_Action item:_
Word-for-word transcription needed. Include every entry below but no pictures.

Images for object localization
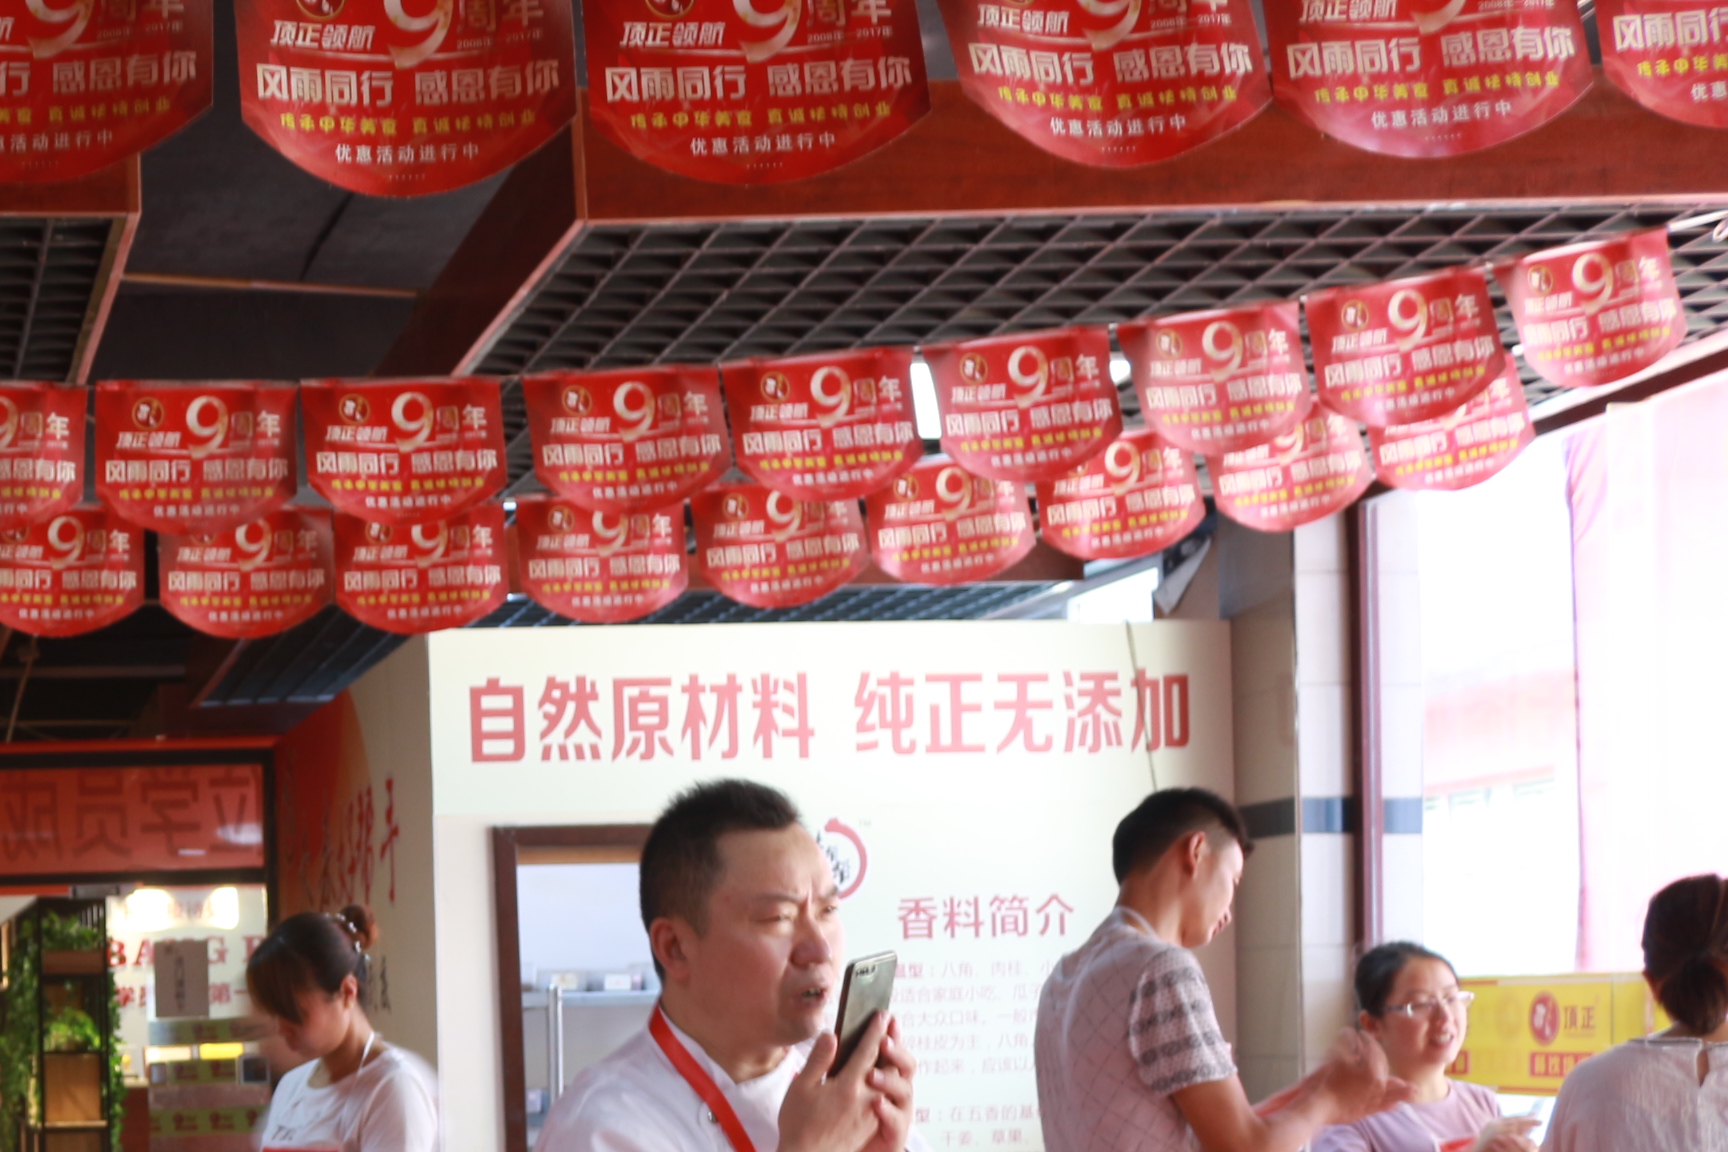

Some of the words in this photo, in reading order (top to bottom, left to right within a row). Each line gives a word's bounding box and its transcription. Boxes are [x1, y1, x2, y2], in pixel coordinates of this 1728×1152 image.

[968, 42, 1094, 86] 风雨同行
[1112, 40, 1250, 82] 感恩有你
[1287, 36, 1421, 79] 风雨同行
[1440, 26, 1575, 67] 感恩有你
[52, 52, 197, 92] 感恩有你
[256, 63, 394, 107] 风雨同行
[414, 60, 560, 105] 感恩有你
[605, 65, 747, 102] 风雨同行
[768, 55, 912, 97] 感恩有你
[1049, 113, 1187, 136] 优惠活动进行中
[1371, 99, 1512, 128] 优惠活动进行中
[334, 142, 479, 163] 优惠活动进行中
[690, 133, 836, 155] 优惠活动进行中
[1523, 319, 1587, 342] 风雨同行
[1599, 300, 1677, 332] 感恩有你
[1326, 351, 1402, 386] 风雨同行
[1413, 337, 1494, 370] 感恩有你
[1146, 383, 1217, 409] 风雨同行
[1226, 374, 1302, 402] 感恩有你
[946, 410, 1020, 438] 风雨同行
[1030, 400, 1112, 428] 感恩有你
[543, 444, 624, 465] 风雨同行
[636, 435, 721, 462] 感恩有你
[744, 428, 823, 456] 风雨同行
[833, 421, 914, 449] 感恩有你
[106, 459, 191, 484] 风雨同行
[202, 457, 289, 483] 感恩有你
[316, 452, 400, 476] 风雨同行
[411, 449, 498, 475] 感恩有你
[469, 674, 815, 762] 自然原材料
[854, 668, 1190, 755] 纯正无添加
[898, 894, 1074, 940] 香料简介

_Exercise response:_
Some of the words in this photo, in reading order (top to bottom, left to right within a row). Each line gives a word's bounding box and its transcription. Boxes are [x1, y1, x2, y2], in pixel coordinates of this 1728×1152 image.

[968, 42, 1094, 86] 风雨同行
[1112, 40, 1250, 82] 感恩有你
[1287, 36, 1421, 79] 风雨同行
[1440, 26, 1575, 67] 感恩有你
[52, 52, 197, 92] 感恩有你
[256, 63, 394, 107] 风雨同行
[414, 60, 560, 105] 感恩有你
[605, 65, 747, 102] 风雨同行
[768, 55, 912, 97] 感恩有你
[1049, 113, 1187, 136] 优惠活动进行中
[1371, 99, 1512, 128] 优惠活动进行中
[334, 142, 479, 163] 优惠活动进行中
[690, 133, 836, 155] 优惠活动进行中
[1523, 319, 1587, 342] 风雨同行
[1599, 300, 1677, 332] 感恩有你
[1326, 351, 1402, 386] 风雨同行
[1413, 337, 1494, 370] 感恩有你
[1146, 383, 1217, 409] 风雨同行
[1226, 374, 1302, 402] 感恩有你
[946, 410, 1020, 438] 风雨同行
[1030, 400, 1112, 428] 感恩有你
[543, 444, 624, 465] 风雨同行
[636, 435, 721, 462] 感恩有你
[744, 428, 823, 456] 风雨同行
[833, 421, 914, 449] 感恩有你
[106, 459, 191, 484] 风雨同行
[202, 457, 289, 483] 感恩有你
[316, 452, 400, 476] 风雨同行
[411, 449, 498, 475] 感恩有你
[469, 674, 815, 762] 自然原材料
[854, 668, 1190, 755] 纯正无添加
[898, 894, 1074, 940] 香料简介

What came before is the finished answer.